Observaba a Gavira con curiosidad, pero éste era demasiado consciente de ello. Se tocó la corbata y los puños de la camisa, mirando alrededor. Una mujer hermosa pasó cerca y cambió con ella una sonrisa distraída.
– Eso -prosiguió Machuca, mirando alejarse a la mujer- mantiene a Macarena y a tu suegra en primera línea. De momento.
Era inútil. Gavira se había rehecho y encaraba la situación, impasible.
– No se preocupe -dijo-. Lo conseguiré.
– Eso espero, porque el tiempo se te acaba. ¿Cuántos días te quedan para la junta?… ¿Una semana?
– Lo sabe usted muy bien -el viejo había dicho te quedan y se te acaba. Era odiosa, pensó Gavira, aquella sensación de estar pasando siempre un examen tras otro, sometido a una especie de reválida continua-. Ocho días.
Machuca movió lentamente la cabeza.
– Una final de infarto, que dicen los del Betis -miró en torno, como si otras cosas le ocuparan la cabeza; de pronto se volvió hacia él-: ¿Sabes una cosa, Pencho?… Tengo auténtica curiosidad por ver cómo sacas adelante todo esto. En el consejo van a por ti -sonreía con la boca apergaminada, igual que una serpiente a punto de desprenderse de su piel-. Pero si lo consigues, enhorabuena. Lo que no mata, engorda.
Se alejó Machuca, reclamado por unos conocidos, y Gavira quedó solo bajo el Valdés Leal. Había cerca un tipo regordete y blando, con una papada que parecía prolongación de las mejillas, el pelo lacado y un bolso de piel en la muñeca. El desconocido se acercó cuando sus miradas se cruzaron:
– Soy Honorato Bonafé, de la revista Q+S -extendía una mano, a modo de saludo- ¿Podemos hablar un momento?
Gavira ignoró aquella mano mientras miraba alrededor, el ceño fruncido, preguntándose quién había dejado entrar a aquel individuo.
– Sólo le robaré unos minutos.
– Telefonee a mi secretaria -sugirió fríamente el banquero, volviéndole la espalda- Un día de éstos.

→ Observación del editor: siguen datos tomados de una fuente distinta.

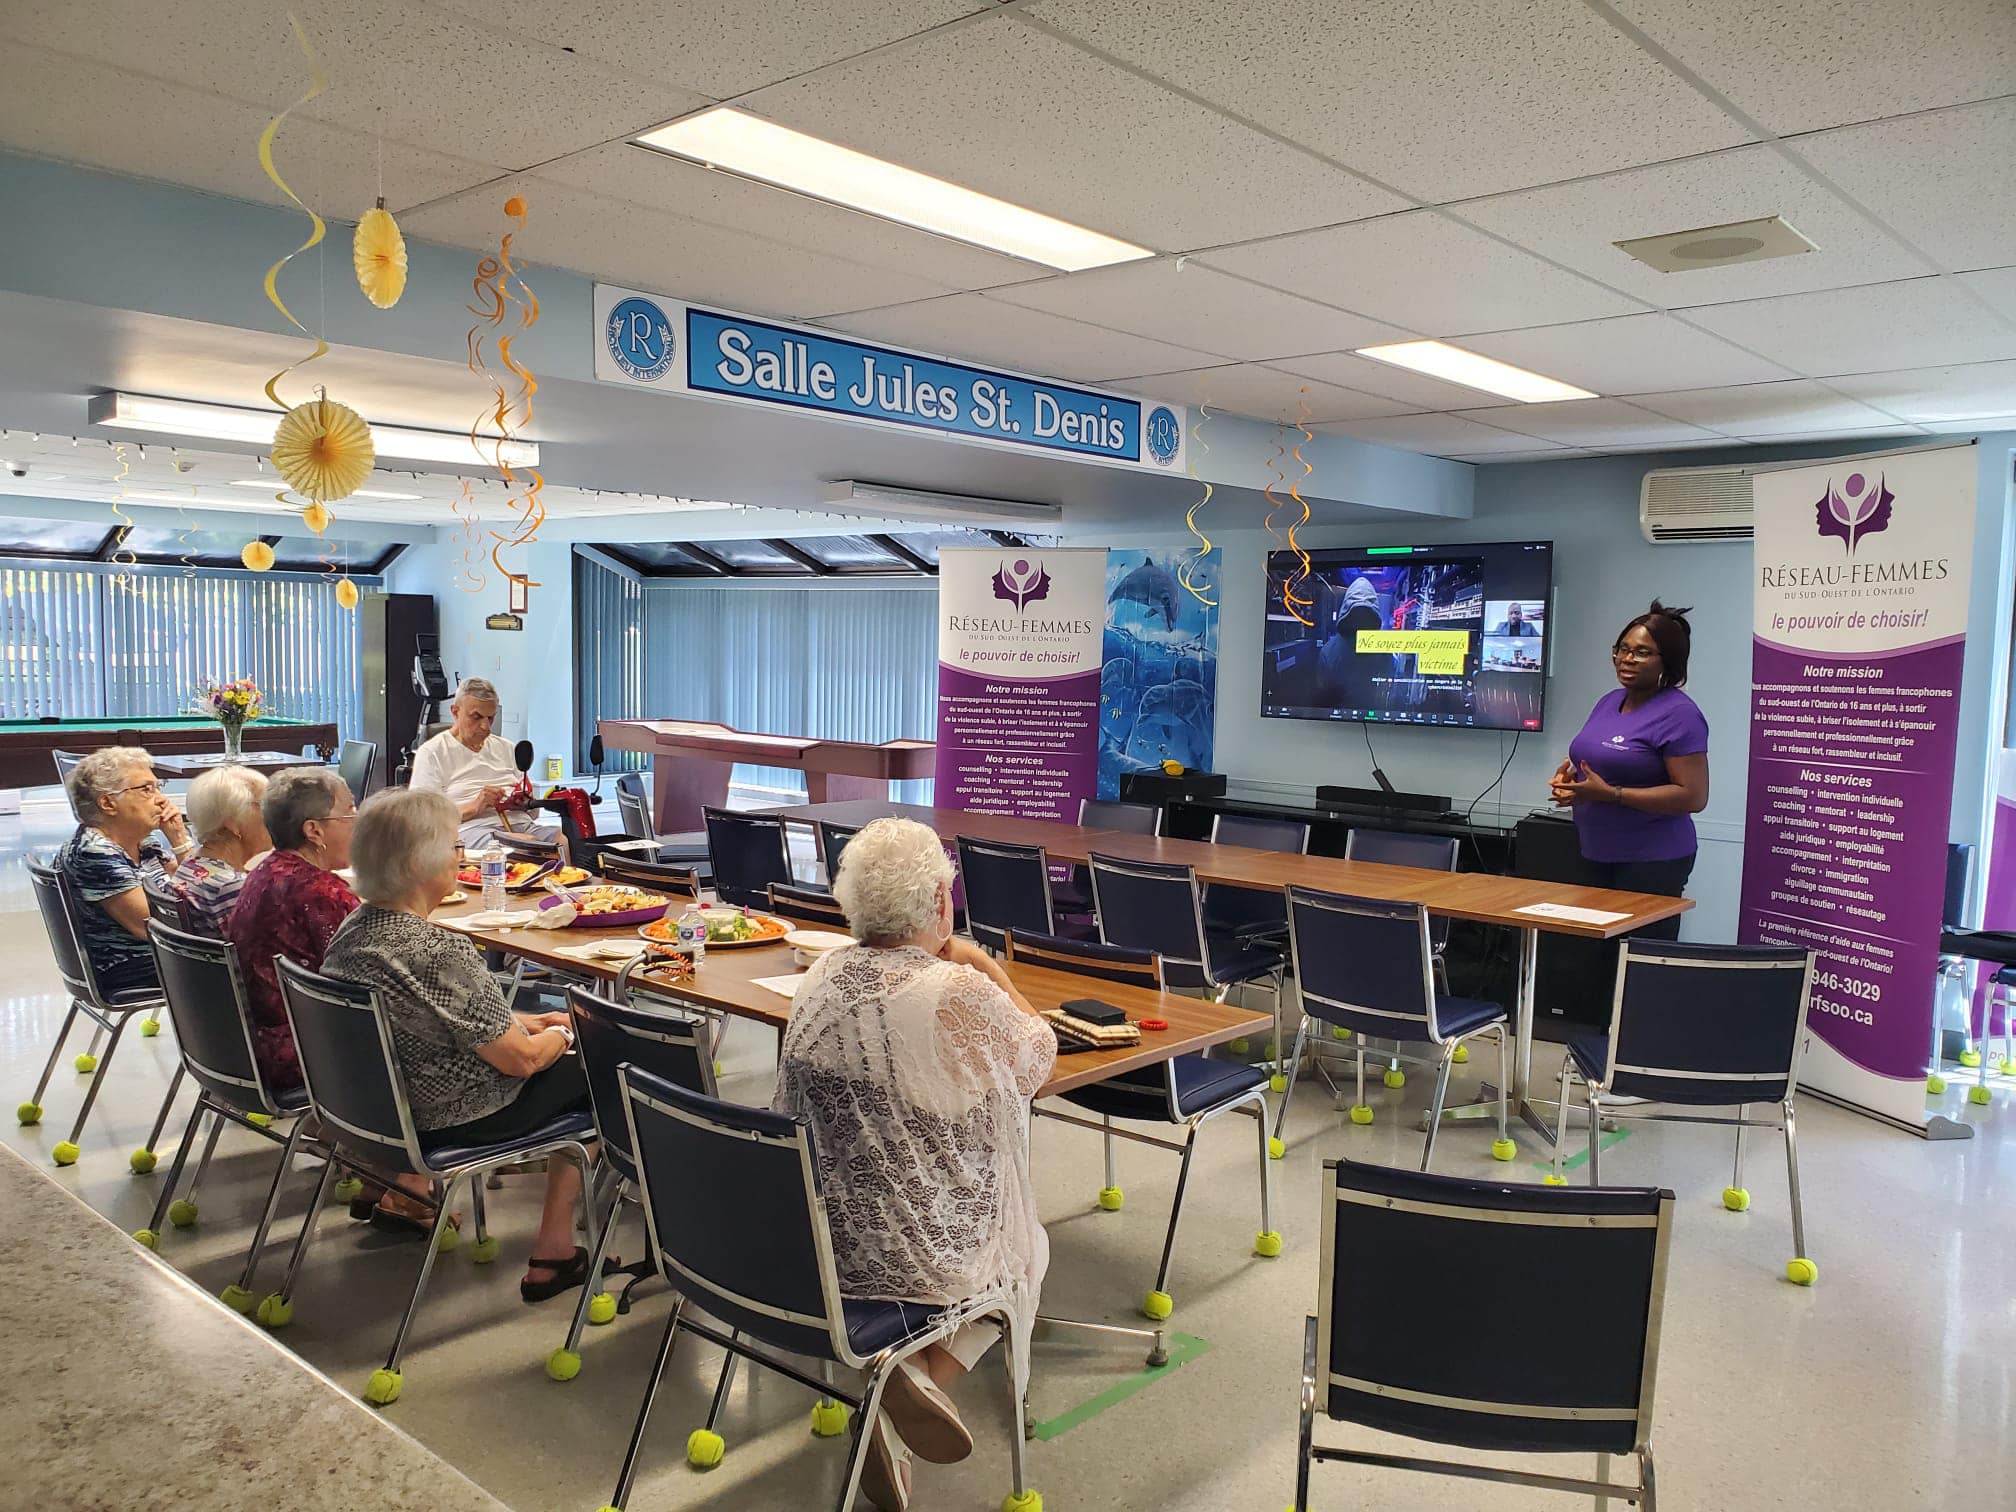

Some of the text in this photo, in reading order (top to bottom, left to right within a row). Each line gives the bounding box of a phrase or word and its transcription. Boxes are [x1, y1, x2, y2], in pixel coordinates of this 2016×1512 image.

[629, 311, 658, 360] R
[717, 327, 836, 400] Salle
[849, 356, 959, 421] Jules
[970, 379, 1021, 434] St.
[1033, 391, 1125, 450] Denis
[1157, 417, 1171, 451] R
[1762, 558, 1949, 588] RÉSEAU-FEMMES
[1784, 591, 1796, 599] DU
[1866, 587, 1915, 597] LONTARIO
[949, 616, 1092, 634] RÉSEAU-FEMMES
[1772, 609, 1928, 633] le pouvoir de choisir!
[1358, 635, 1465, 654] Ne soyez plus jamais
[959, 648, 1080, 664] le pouvoir de choisir!
[1420, 659, 1458, 670] victime
[1803, 665, 1884, 679] Notre mission
[985, 684, 1049, 695] Notre mission
[1856, 685, 1866, 694] les
[1868, 686, 1895, 695] femmes
[1896, 686, 1952, 698] francophones
[1759, 697, 1927, 713] du sud-ouest de l'Ontario de 16 ans et plus, à sortir
[1768, 713, 1795, 722] violence
[1796, 715, 1816, 725] subie,
[1817, 715, 1821, 724] à
[1822, 716, 1841, 725] briser
[1842, 717, 1880, 727] l'isolement
[1881, 720, 1888, 728] et
[1889, 719, 1893, 728] à
[1895, 720, 1936, 731] s'épanouir
[1763, 729, 1915, 747] personnellement et professionnellement grâce
[985, 754, 1043, 765] Nos services
[1772, 743, 1777, 752] à
[1788, 745, 1810, 754] réseau
[1811, 746, 1824, 756] fort,
[1826, 748, 1867, 758] rassembleur
[1868, 751, 1876, 760] et
[1877, 752, 1903, 762] inclusif.
[958, 766, 1069, 777] counselling intervention individuelle
[1800, 769, 1872, 788] Nos services
[964, 776, 1063, 787] coaching mentorat leadership
[956, 786, 972, 794] appui
[974, 786, 1002, 794] transitoire
[1011, 788, 1033, 797] support
[1043, 790, 1071, 798] logement
[1767, 784, 1904, 808] counselling intervention individuelle
[983, 797, 1009, 806] juridique
[1017, 799, 1055, 808] employabilité
[1022, 809, 1061, 819] interprétation
[1773, 800, 1895, 825] coaching mentorat leadership
[1763, 814, 1904, 842] appui transitoire support au logement
[1779, 831, 1885, 855] aide juridique employabilité
[1771, 845, 1890, 872] accompagnement interprétation
[1791, 863, 1869, 885] divorce immigration
[1784, 877, 1874, 902] aiguillage communautaire
[1771, 890, 1886, 922] groupes de soutien réseautage
[1758, 919, 1894, 958] La première référence d'aide aux femmes
[1760, 934, 1894, 974] francoph sud-ouest de l'Ontario!
[1811, 969, 1880, 1001] 946-3029
[1810, 994, 1873, 1026] rfsoo.ca

Dio unos pasos entre la gente, alejándose. Para su sorpresa, Bonafé anduvo a su lado. Fruncía la boca mirándolo de reojo, entre obsequioso y seguro de sí. Ruin, concluyó Gavira deteniéndose por fin: aquélla era la descripción exacta del fulano.
– Preparo un reportaje -dijo el otro con rapidez, antes que lo despachase de mala manera- Sobre esa iglesia que le interesa a usted.
– Y a mí qué me cuenta.
Bonafé alzó una mano pequeña y fofa, la misma que había ignorado Gavira.

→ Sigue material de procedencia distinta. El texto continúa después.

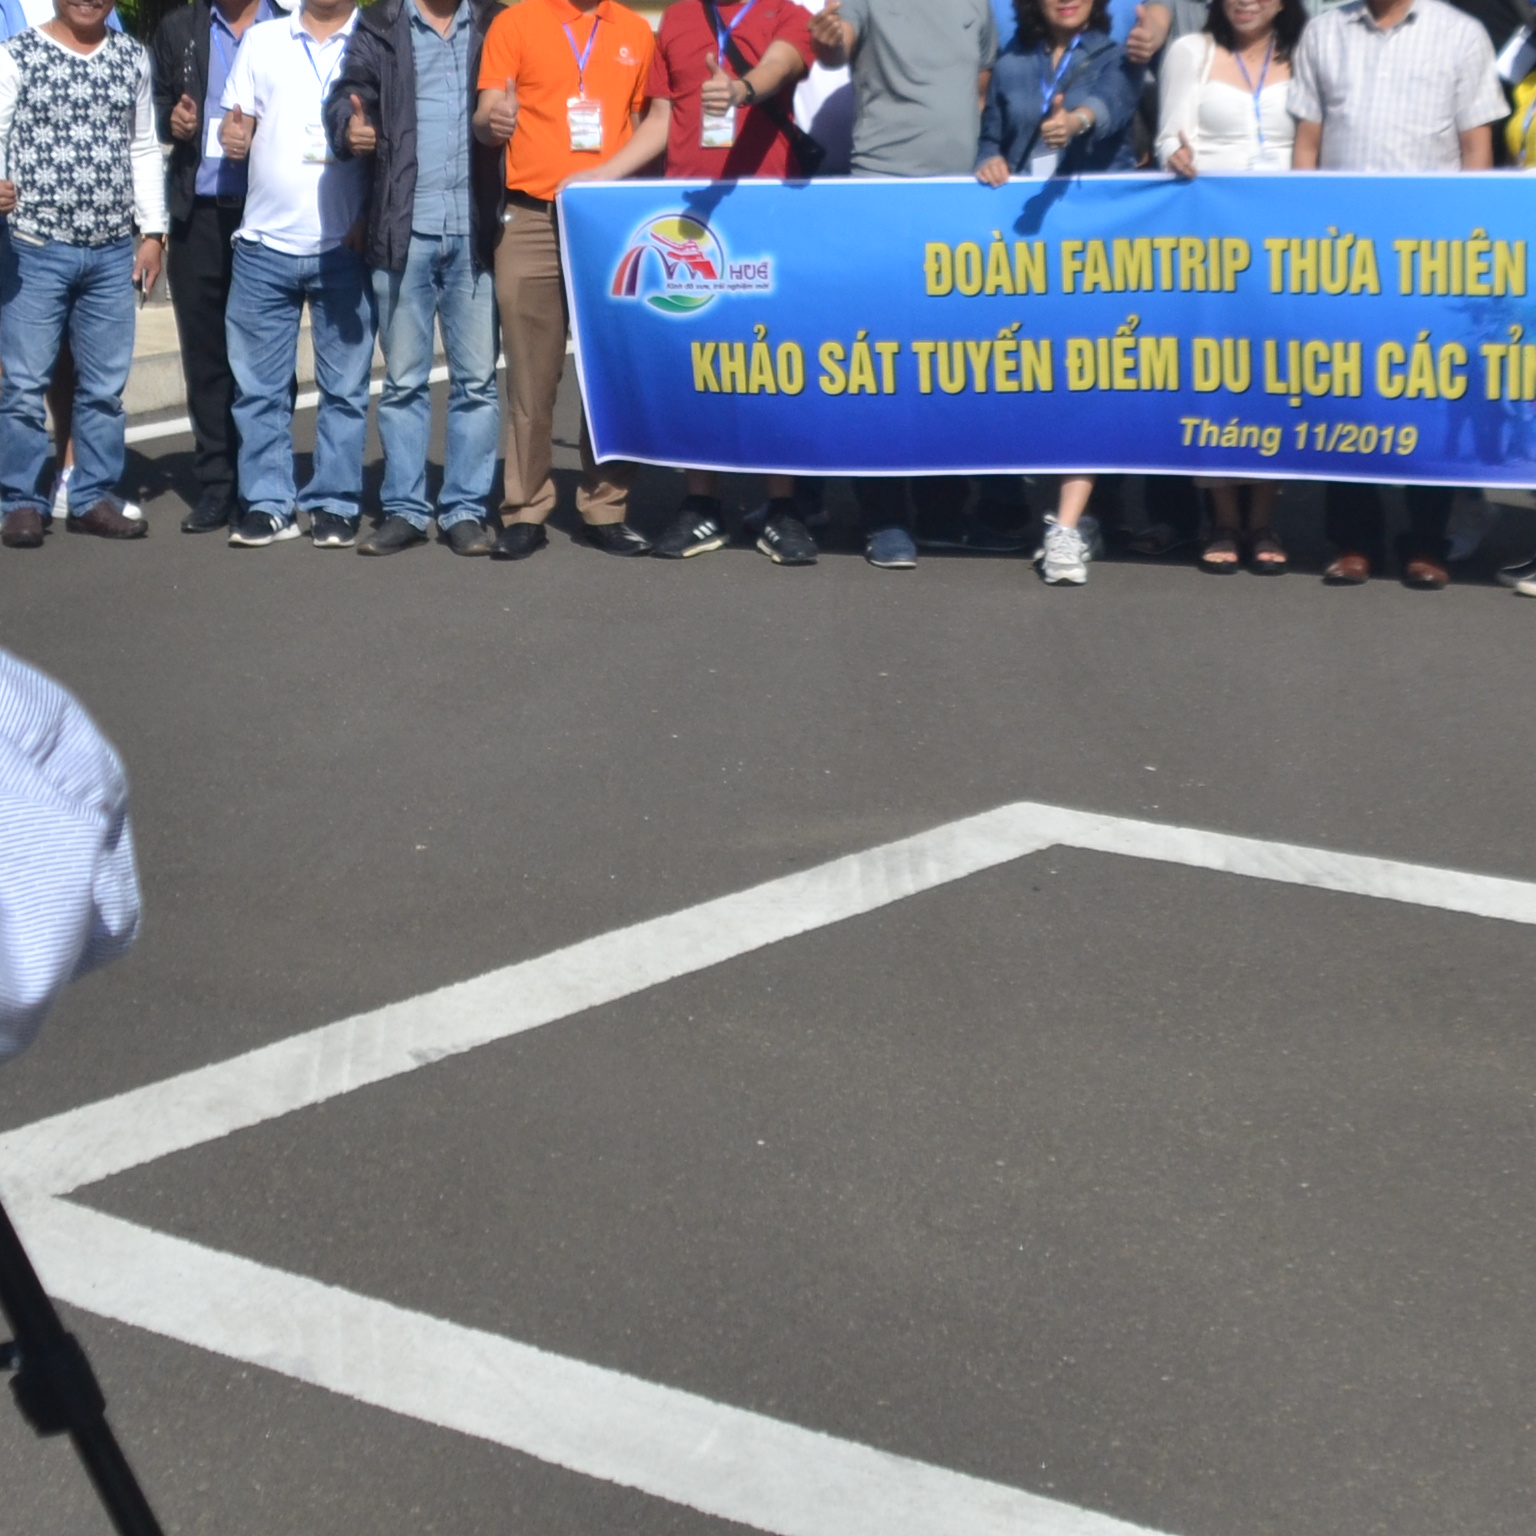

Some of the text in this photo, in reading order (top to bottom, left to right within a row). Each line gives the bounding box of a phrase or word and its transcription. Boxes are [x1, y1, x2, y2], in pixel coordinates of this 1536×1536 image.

[923, 229, 1047, 297] ĐOÀN
[1061, 236, 1252, 294] FAMTRIP
[1264, 225, 1381, 295] THỪA
[1393, 227, 1527, 297] THIÊN
[691, 324, 806, 396] KHẢO
[818, 330, 900, 396] SÁT
[910, 322, 1055, 394] TUYẾN
[1065, 314, 1180, 392] ĐIỂM
[1192, 338, 1253, 394] DU
[1264, 338, 1363, 408] LỊCH
[1376, 330, 1468, 401] CÁC
[1180, 416, 1419, 457] Tháng 11/2019

– Bueno -continuaba frunciendo la boca en mohín conciliador- Si tenemos en cuenta que el Banco Cartujano es el principal interesado en el derribo de Nuestra Señora de las Lágrimas, creo que una conversación, o unas declaraciones… Ya me entiende.
Gavira se mantuvo impasible.
– Pues no. No entiendo en absoluto.
Untuoso, paciente, Honorato Bonafé obsequió al banquero con un rápido esbozo del panorama: el Cartujano, la iglesia y la recalificación del terreno. El párroco, individuo algo dudoso, enfrentado al arzobispo de Sevilla y bajo expediente disciplinario o algo parecido. Dos muertos por accidente, o vaya usted a saber. Un enviado especial de Roma. Y bueno, una bella esposa, o ex esposa, hija de la duquesa del Nuevo Extremo. Y ella y aquel cura de Roma…
Se detuvo de pronto, al ver la expresión de Gavira. El banquero había dado un paso hacia él y lo miraba muy de cerca.
– Bueno, ya me entiende -zanjó Bonafé, resumiendo sobre la marcha- Se lo cuento para que se haga idea: titulares, portada y demás. Publicamos la historia completa la semana que viene. Y naturalmente, su opinión o sus palabras tienen mucho peso.